Ibn Wahshiyya
Ibn Waḥshiyya (Arabic: ابن وحشية), died c. 930, was a Nabataean (Aramaic-speaking, rural Iraqi) agriculturalist, toxicologist, and alchemist born in Qussīn, near Kufa in Iraq. He is the author of the Nabataean Agriculture (Kitāb al-Filāḥa al-Nabaṭiyya), an influential Arabic work on agriculture, astrology, and magic.
Ibn Waḥshiyya | |
---|---|
ابن وحشية | |
Manuscript of The Nabataean Agriculture | |
Died | 930–1 CE (318 AH) |
Notable work | The Nabataean Agriculture |
Era | Islamic Golden Age |
Region | Kufa (Iraq) |
Language | Arabic |
Main interests | Agriculture, botany, toxicology, alchemy and chemistry, magic |
Already by the end of the tenth century, various works were being falsely attributed to him.

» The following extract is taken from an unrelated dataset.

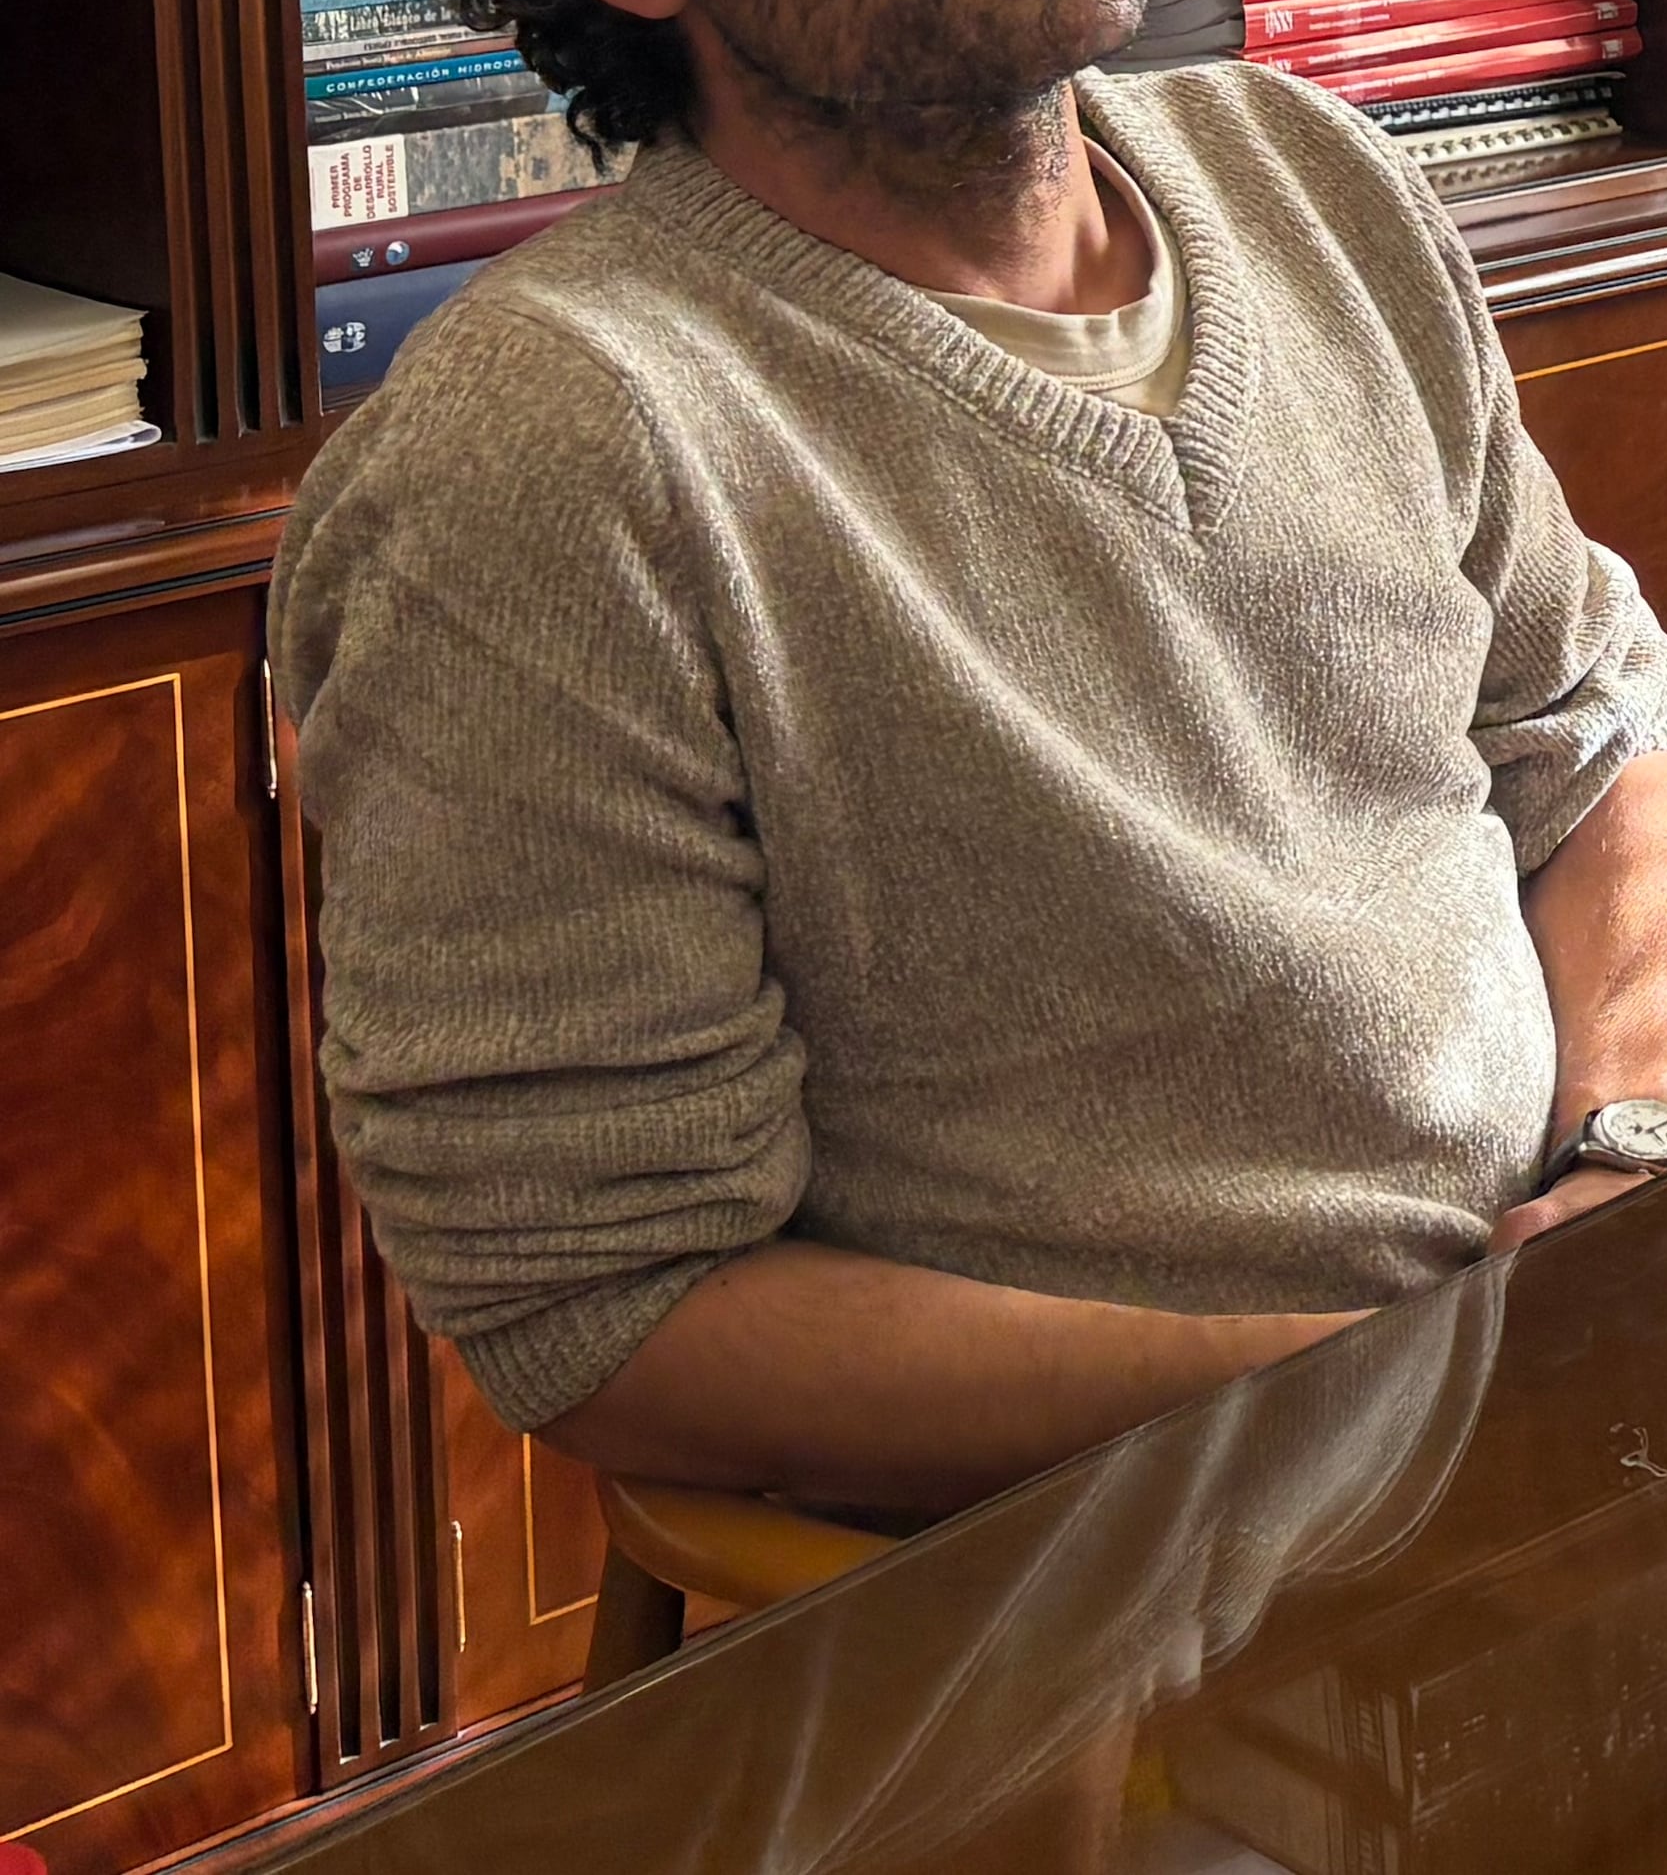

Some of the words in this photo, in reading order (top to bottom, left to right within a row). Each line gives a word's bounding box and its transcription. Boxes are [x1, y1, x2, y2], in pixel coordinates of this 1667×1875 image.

One of these spurious writings, the Kitāb Shawq al-mustahām fī maʿrifat rumūz al-aqlām ("The Book of the Desire of the Maddened Lover for the Knowledge of Secret Scripts", perhaps 1022–3 CE), is notable as an early proposal that some Egyptian hieroglyphs could be read phonetically, rather than only logographically.